Le bapteme pierre bezinLe bapteme pierre bezin

 

 Préambule :

« Baptiser » vient d’un mot grec qui signifie plonger, immerger. Le baptême est un rite utilisé dans plusieurs religions. Le baptême de JeanBaptiste exprimait un signe de repentir pour les péchés commis, un signe de conversion pour une vie plus droite, plus honnête, un signe de pardon de la part de Dieu. Une purification. Jadis, et sans doute aujourd’hui encore chez certains peuples, le baptisé était plongé entièrement nu dans une eau courante.

Chez les premiers chrétiens, ce rite a été utilisé dès le début. Mais ce n’est pas le rite qui compte pour eux. Peu importe qu’on se contente de faire couler un peu d’eau sur la tête. L’important, c’est la décision que signifie ce rite.

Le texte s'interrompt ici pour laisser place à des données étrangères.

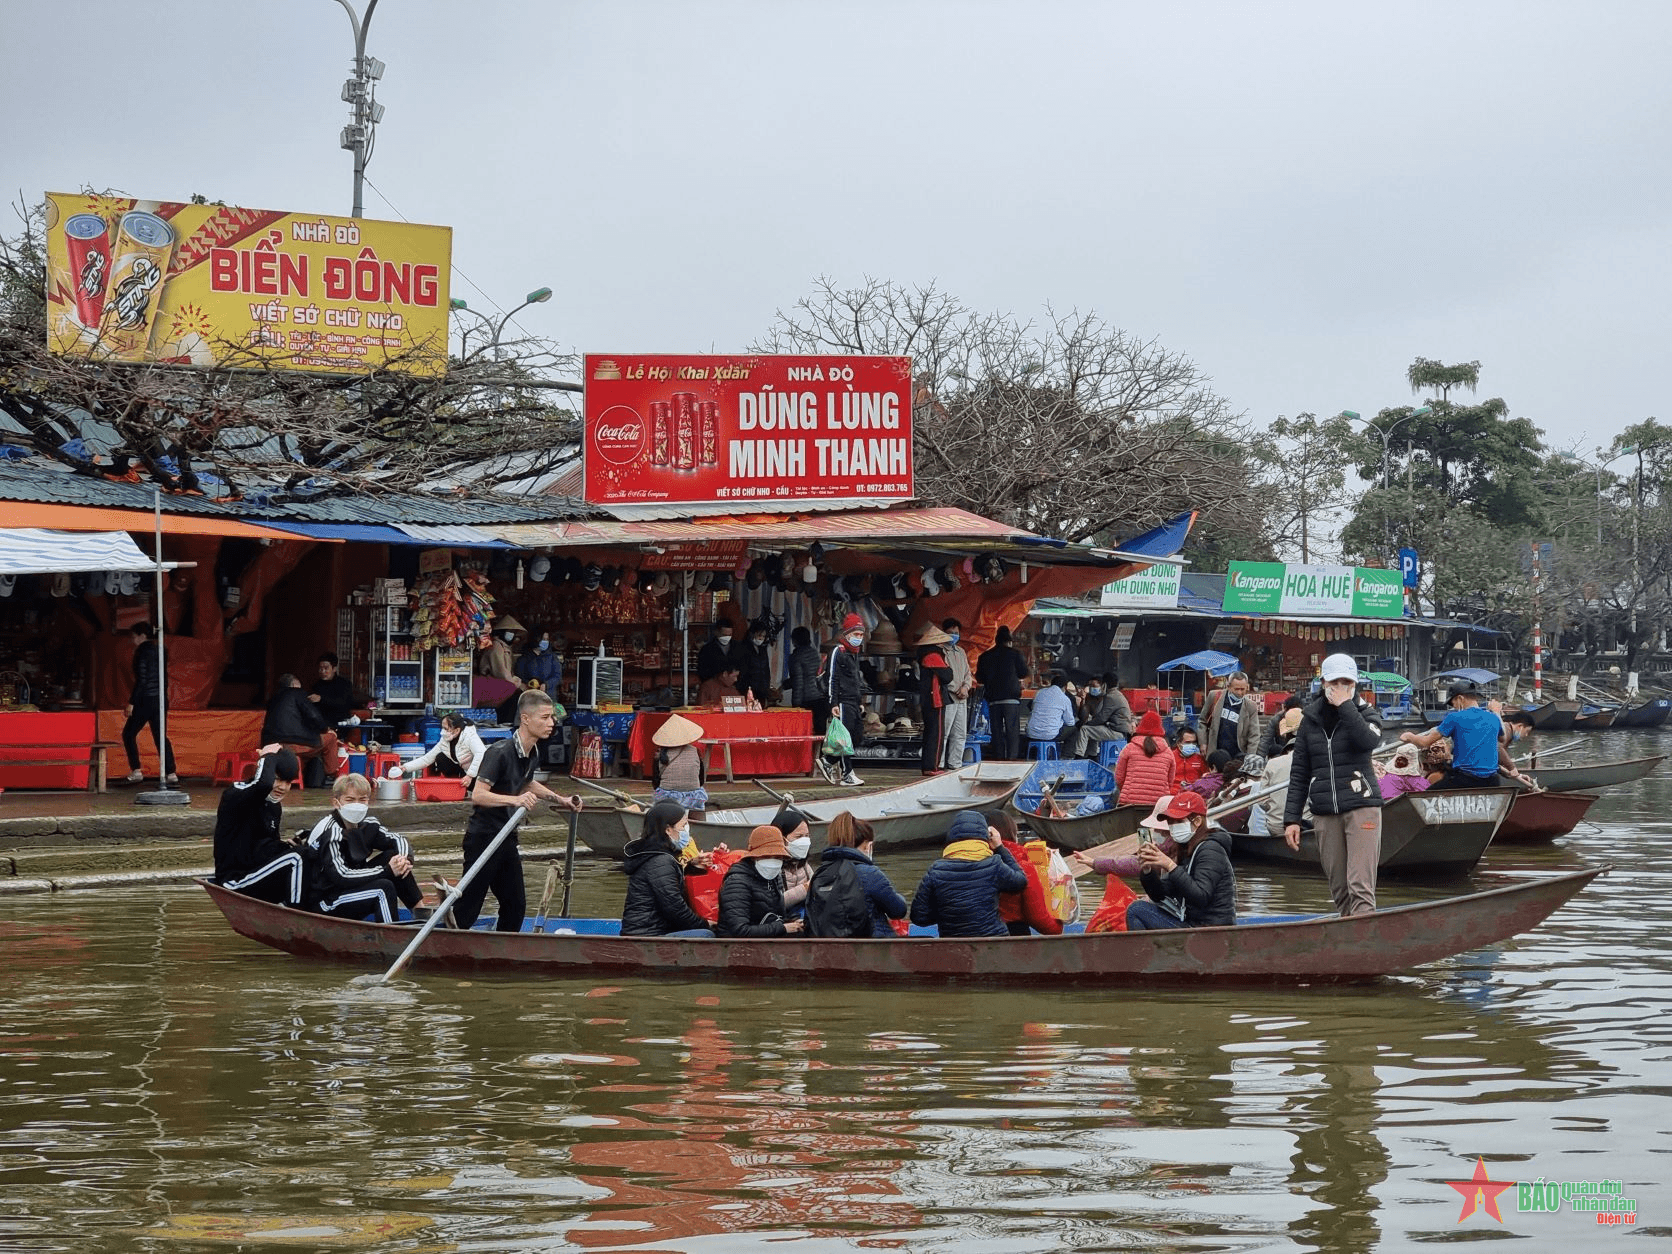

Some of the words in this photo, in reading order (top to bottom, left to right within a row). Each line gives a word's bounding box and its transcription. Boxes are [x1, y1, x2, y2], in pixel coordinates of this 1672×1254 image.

 Celui qui est baptisé se proclame disciple de Jésus.

 Au premier siècle de notre ère, s’il était Juif, il prenait des distances par rapport à la religion juive. S’il adorait les dieux de Rome ou de sa cité, il s’en séparait radicalement  avec une grande liberté vis-à-vis de ses voisins et même de sa famille parfois. Il n’allait plus au temple, ni au cirque où l’on applaudissait des esclaves qui s’entretuaient. On l’accusait même d’athéisme. Assez vite on a persécuté les chrétiens.

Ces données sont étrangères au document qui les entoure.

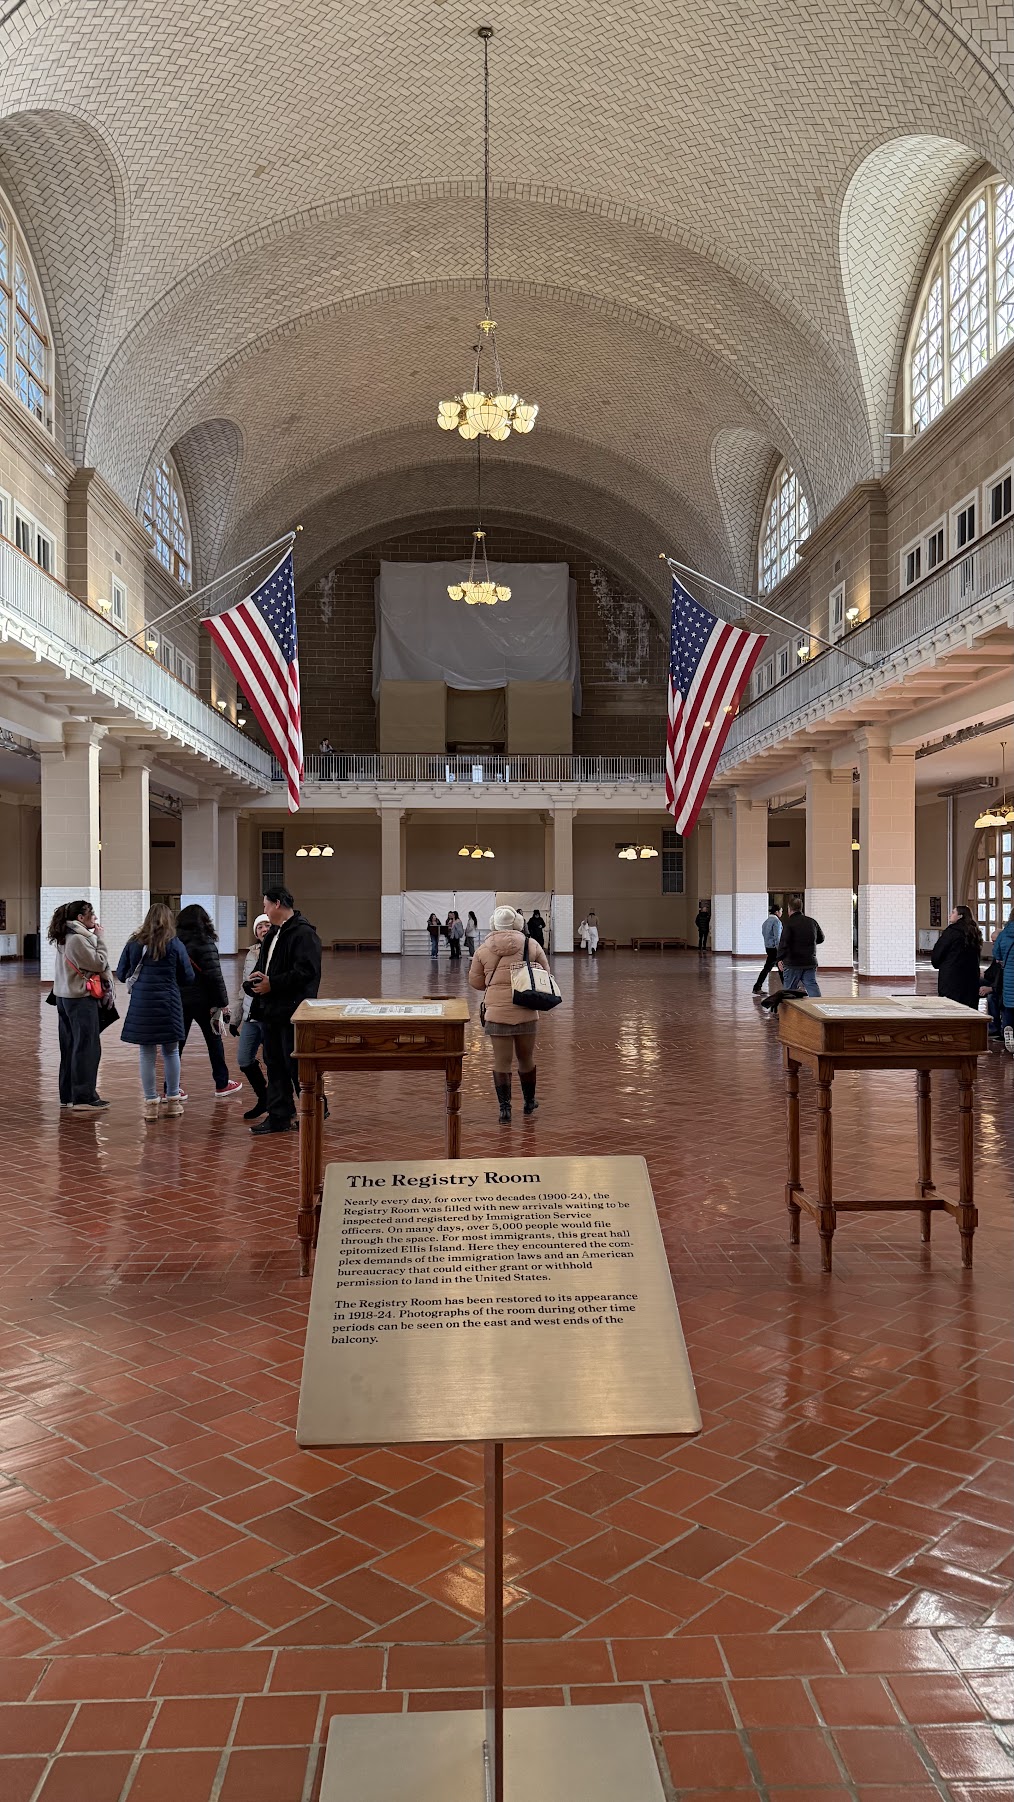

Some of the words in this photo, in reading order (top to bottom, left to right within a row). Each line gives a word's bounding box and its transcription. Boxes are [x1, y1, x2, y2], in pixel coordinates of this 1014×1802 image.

[346, 1175, 386, 1188] The
[391, 1173, 479, 1189] Registry
[483, 1171, 541, 1184] Room
[343, 1207, 389, 1216] Registry
[564, 1201, 604, 1210] waiting
[344, 1198, 379, 1207] Nearly
[411, 1197, 432, 1205] day,
[343, 1216, 393, 1226] inspected
[394, 1215, 414, 1224] and
[416, 1214, 470, 1224] registered
[471, 1214, 484, 1223] by
[486, 1212, 551, 1222] Immigration
[436, 1224, 464, 1233] days,
[492, 1222, 523, 1231] 5,000
[524, 1221, 559, 1231] people
[341, 1236, 384, 1245] through
[580, 1231, 608, 1240] great
[339, 1246, 398, 1257] epitomized
[401, 1245, 426, 1253] Ellis
[429, 1243, 465, 1252] Island.
[496, 1242, 520, 1251] they
[522, 1240, 588, 1250] encountered
[338, 1258, 361, 1267] plex
[363, 1256, 413, 1265] demands
[414, 1255, 426, 1264] of
[447, 1253, 515, 1263] immigration
[544, 1251, 564, 1260] and
[581, 1250, 634, 1259] American
[433, 1264, 462, 1273] could
[464, 1263, 498, 1272] either
[499, 1264, 529, 1273] grant
[544, 1261, 593, 1270] withhold
[336, 1277, 398, 1289] permission
[414, 1276, 439, 1284] land
[441, 1275, 452, 1284] in
[474, 1273, 511, 1283] United
[513, 1273, 551, 1281] States.
[334, 1300, 357, 1309] The
[359, 1299, 408, 1309] Registry
[410, 1298, 443, 1306] Room
[444, 1297, 465, 1305] has
[466, 1296, 493, 1305] been
[495, 1294, 542, 1303] restored
[574, 1294, 638, 1303] appearance
[333, 1312, 345, 1320] in
[348, 1310, 396, 1320] 1918-24.
[399, 1307, 470, 1319] Photographs
[472, 1307, 484, 1316] of
[486, 1307, 504, 1315] the
[537, 1305, 576, 1315] during
[577, 1304, 608, 1313] other
[609, 1303, 636, 1312] time
[332, 1323, 375, 1334] periods
[401, 1321, 414, 1330] be
[462, 1319, 481, 1328] the
[510, 1317, 532, 1326] and
[563, 1316, 590, 1325] ends
[592, 1315, 603, 1324] of
[604, 1315, 624, 1324] the
[331, 1335, 378, 1345] balcony.

J’insiste sur cet aspect de la liberté de la personne. En général, chaque individu était lié à la religion de sa famille, de sa cité, sans qu’il le ressente comme un esclavage. C’était simplement chose normale. A plus forte raison pour les femmes. Dans la fameuse ville d’Athènes, citée comme un modèle de démocratie, les femmes ne comptaient pas. Or des femmes étaient disciples de Jésus, avant comme après sa mort. Dans les premières communautés chrétiennes, certaines prenaient des responsabilités. Quand Saint Paul et ses compagnons traversent le détroit de la Mer Noire et arrivent à la ville de Philippes, une certaine Lydie insiste pour les prendre en charge chez elle : c’est donc dans sa maison que se réunit l’assemblée des chrétiens. C’est une femme qui en est responsable.  Dans les assemblées, des femmes prennent la parole. Il est vrai que Saint Paul dans ses lettres demande aux femmes de toujours parler la tête couverte ; même chez les chrétiens, les habitudes ancestrales demeuraient vives. Mais en quatre fois, il écrit aussi : « Il n’y a plus chez nous ni homme, ni femme, ni Grec, ni Barbare... » L’égalité homme femme était proclamée très tôt. La foi évangélique était une école de libération. Mais on est revenu pendant des siècles aux vieilles habitudes.

Le baptisé se proclame disciple de Jésus prophète.

Jésus était juif. Il pratiquait sa religion en la critiquant sur bien des points. Travailleur manuel, il a laissé son métier et il a compris qu’il était envoyé par Dieu pour annoncer au monde une bonne nouvelle. Le mot « évangile » signifie bonne nouvelle.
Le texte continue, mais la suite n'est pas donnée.